Word for word, copy the entire listing below, but do not carry over any pictures.

_ _ _

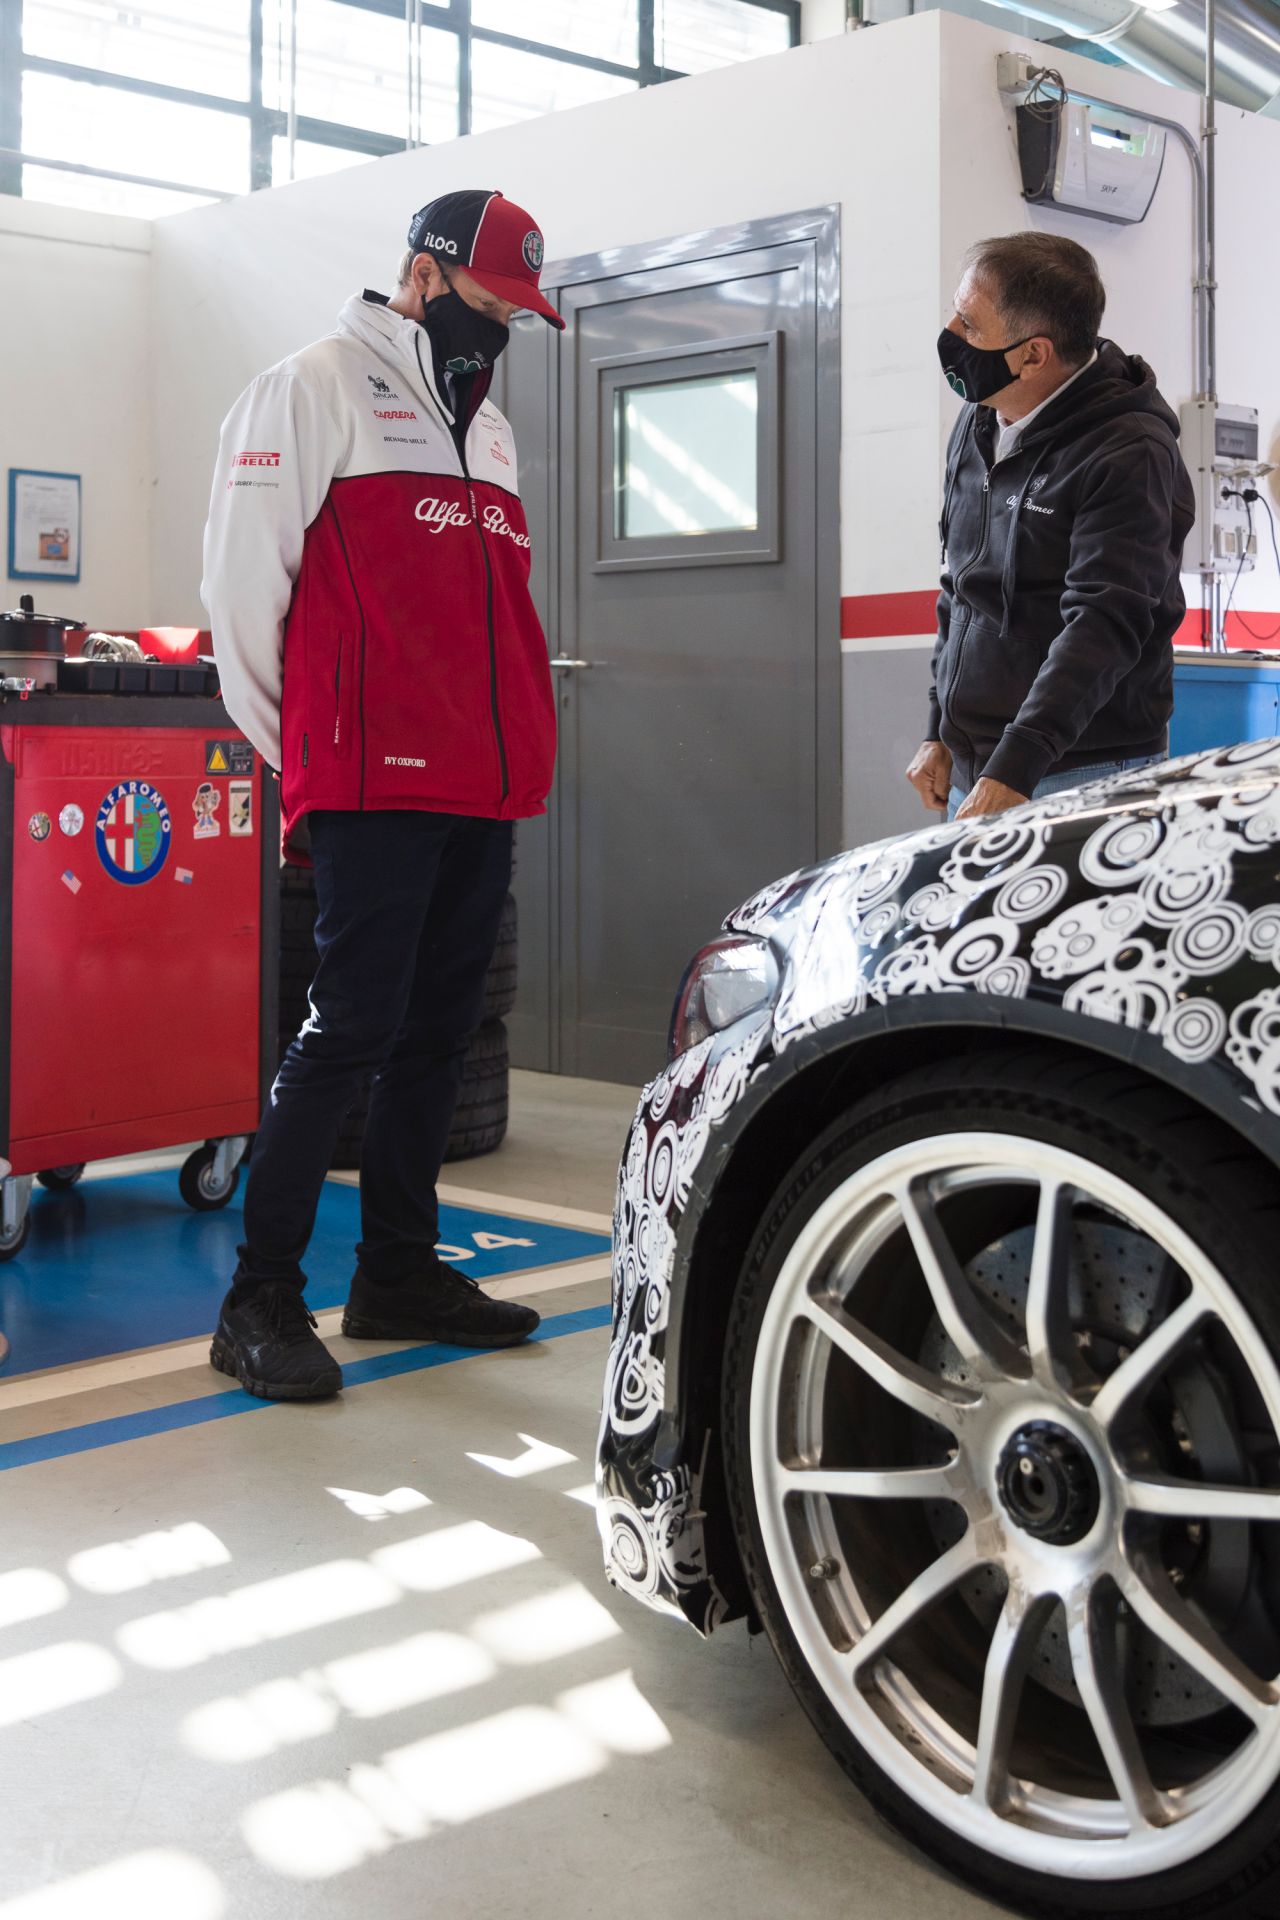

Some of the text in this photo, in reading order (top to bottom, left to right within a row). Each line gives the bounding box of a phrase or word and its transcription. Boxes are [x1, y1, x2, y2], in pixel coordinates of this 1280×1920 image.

[424, 232, 458, 256] iLOQ
[373, 409, 417, 420] CARRERA
[1022, 497, 1055, 515] Romeo
[414, 497, 472, 534] Alfa
[384, 756, 427, 768] IVY OXFORD

_ _ _

◆ **RESULT FOR THIS TASK**:
Some of the text in this photo, in reading order (top to bottom, left to right within a row). Each line gives the bounding box of a phrase or word and its transcription. Boxes are [x1, y1, x2, y2], in pixel coordinates of this 1280×1920 image.

[424, 232, 458, 256] iLOQ
[373, 409, 417, 420] CARRERA
[1022, 497, 1055, 515] Romeo
[414, 497, 472, 534] Alfa
[384, 756, 427, 768] IVY OXFORD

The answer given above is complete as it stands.